• [About this task] Copy every record exactly, with nothing left out.

• [Records]
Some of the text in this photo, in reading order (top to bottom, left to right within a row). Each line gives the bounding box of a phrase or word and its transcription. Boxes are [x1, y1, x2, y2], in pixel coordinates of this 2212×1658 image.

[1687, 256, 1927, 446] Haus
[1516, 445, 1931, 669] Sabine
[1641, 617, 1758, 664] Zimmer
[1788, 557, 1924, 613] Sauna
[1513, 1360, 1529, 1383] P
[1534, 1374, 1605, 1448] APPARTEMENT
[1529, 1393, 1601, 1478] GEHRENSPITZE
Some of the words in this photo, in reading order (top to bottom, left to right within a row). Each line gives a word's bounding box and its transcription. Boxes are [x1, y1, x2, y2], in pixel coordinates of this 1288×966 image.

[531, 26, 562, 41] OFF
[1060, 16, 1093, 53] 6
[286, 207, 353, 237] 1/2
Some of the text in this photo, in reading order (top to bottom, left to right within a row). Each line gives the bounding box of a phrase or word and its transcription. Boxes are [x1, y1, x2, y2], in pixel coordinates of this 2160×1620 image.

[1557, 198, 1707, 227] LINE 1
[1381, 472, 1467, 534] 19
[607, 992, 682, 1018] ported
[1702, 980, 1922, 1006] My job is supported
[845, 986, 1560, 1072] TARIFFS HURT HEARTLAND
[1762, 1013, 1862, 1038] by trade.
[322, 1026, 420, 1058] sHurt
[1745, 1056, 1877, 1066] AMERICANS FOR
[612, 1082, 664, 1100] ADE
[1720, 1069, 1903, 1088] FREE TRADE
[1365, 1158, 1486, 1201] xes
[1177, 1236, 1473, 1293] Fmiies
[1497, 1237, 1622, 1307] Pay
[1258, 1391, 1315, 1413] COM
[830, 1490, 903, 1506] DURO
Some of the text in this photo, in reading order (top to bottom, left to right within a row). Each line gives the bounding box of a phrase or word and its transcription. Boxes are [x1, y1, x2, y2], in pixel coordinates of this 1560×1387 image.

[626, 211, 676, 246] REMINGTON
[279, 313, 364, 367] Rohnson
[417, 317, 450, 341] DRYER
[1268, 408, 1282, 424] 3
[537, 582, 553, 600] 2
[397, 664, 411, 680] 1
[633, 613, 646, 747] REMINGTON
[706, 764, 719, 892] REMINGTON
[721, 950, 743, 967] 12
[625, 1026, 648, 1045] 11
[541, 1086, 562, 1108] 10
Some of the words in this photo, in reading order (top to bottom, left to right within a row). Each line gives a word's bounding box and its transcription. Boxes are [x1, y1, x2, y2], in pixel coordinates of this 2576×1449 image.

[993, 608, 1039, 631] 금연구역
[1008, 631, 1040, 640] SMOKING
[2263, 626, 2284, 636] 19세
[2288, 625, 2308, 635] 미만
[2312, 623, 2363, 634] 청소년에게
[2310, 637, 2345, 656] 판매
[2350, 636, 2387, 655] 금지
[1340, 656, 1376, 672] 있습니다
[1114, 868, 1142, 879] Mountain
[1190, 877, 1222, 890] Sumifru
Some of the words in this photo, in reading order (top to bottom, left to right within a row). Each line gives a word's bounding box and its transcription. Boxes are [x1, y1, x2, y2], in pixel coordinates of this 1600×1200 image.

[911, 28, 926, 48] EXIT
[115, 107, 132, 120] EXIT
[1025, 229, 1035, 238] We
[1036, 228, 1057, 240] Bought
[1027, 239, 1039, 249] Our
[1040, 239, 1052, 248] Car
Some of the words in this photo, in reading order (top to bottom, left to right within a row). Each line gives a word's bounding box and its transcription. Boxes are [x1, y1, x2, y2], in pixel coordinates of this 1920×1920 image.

• [Solved exercise]
Some of the text in this photo, in reading order (top to bottom, left to right within a row). Each line gives the bounding box of a phrase or word and its transcription. Boxes are [x1, y1, x2, y2], in pixel coordinates of this 2212×1658 image.

[1687, 256, 1927, 446] Haus
[1516, 445, 1931, 669] Sabine
[1641, 617, 1758, 664] Zimmer
[1788, 557, 1924, 613] Sauna
[1513, 1360, 1529, 1383] P
[1534, 1374, 1605, 1448] APPARTEMENT
[1529, 1393, 1601, 1478] GEHRENSPITZE
Some of the words in this photo, in reading order (top to bottom, left to right within a row). Each line gives a word's bounding box and its transcription. Boxes are [x1, y1, x2, y2], in pixel coordinates of this 1288×966 image.

[531, 26, 562, 41] OFF
[1060, 16, 1093, 53] 6
[286, 207, 353, 237] 1/2
Some of the text in this photo, in reading order (top to bottom, left to right within a row). Each line gives the bounding box of a phrase or word and its transcription. Boxes are [x1, y1, x2, y2], in pixel coordinates of this 2160×1620 image.

[1557, 198, 1707, 227] LINE 1
[1381, 472, 1467, 534] 19
[607, 992, 682, 1018] ported
[1702, 980, 1922, 1006] My job is supported
[845, 986, 1560, 1072] TARIFFS HURT HEARTLAND
[1762, 1013, 1862, 1038] by trade.
[322, 1026, 420, 1058] sHurt
[1745, 1056, 1877, 1066] AMERICANS FOR
[612, 1082, 664, 1100] ADE
[1720, 1069, 1903, 1088] FREE TRADE
[1365, 1158, 1486, 1201] xes
[1177, 1236, 1473, 1293] Fmiies
[1497, 1237, 1622, 1307] Pay
[1258, 1391, 1315, 1413] COM
[830, 1490, 903, 1506] DURO
Some of the text in this photo, in reading order (top to bottom, left to right within a row). Each line gives the bounding box of a phrase or word and its transcription. Boxes are [x1, y1, x2, y2], in pixel coordinates of this 1560×1387 image.

[626, 211, 676, 246] REMINGTON
[279, 313, 364, 367] Rohnson
[417, 317, 450, 341] DRYER
[1268, 408, 1282, 424] 3
[537, 582, 553, 600] 2
[397, 664, 411, 680] 1
[633, 613, 646, 747] REMINGTON
[706, 764, 719, 892] REMINGTON
[721, 950, 743, 967] 12
[625, 1026, 648, 1045] 11
[541, 1086, 562, 1108] 10
Some of the words in this photo, in reading order (top to bottom, left to right within a row). Each line gives a word's bounding box and its transcription. Boxes are [x1, y1, x2, y2], in pixel coordinates of this 2576×1449 image.

[993, 608, 1039, 631] 금연구역
[1008, 631, 1040, 640] SMOKING
[2263, 626, 2284, 636] 19세
[2288, 625, 2308, 635] 미만
[2312, 623, 2363, 634] 청소년에게
[2310, 637, 2345, 656] 판매
[2350, 636, 2387, 655] 금지
[1340, 656, 1376, 672] 있습니다
[1114, 868, 1142, 879] Mountain
[1190, 877, 1222, 890] Sumifru
Some of the words in this photo, in reading order (top to bottom, left to right within a row). Each line gives a word's bounding box and its transcription. Boxes are [x1, y1, x2, y2], in pixel coordinates of this 1600×1200 image.

[911, 28, 926, 48] EXIT
[115, 107, 132, 120] EXIT
[1025, 229, 1035, 238] We
[1036, 228, 1057, 240] Bought
[1027, 239, 1039, 249] Our
[1040, 239, 1052, 248] Car
Some of the words in this photo, in reading order (top to bottom, left to right within a row). Each line gives a word's bounding box and its transcription. Boxes are [x1, y1, x2, y2], in pixel coordinates of this 1920×1920 image.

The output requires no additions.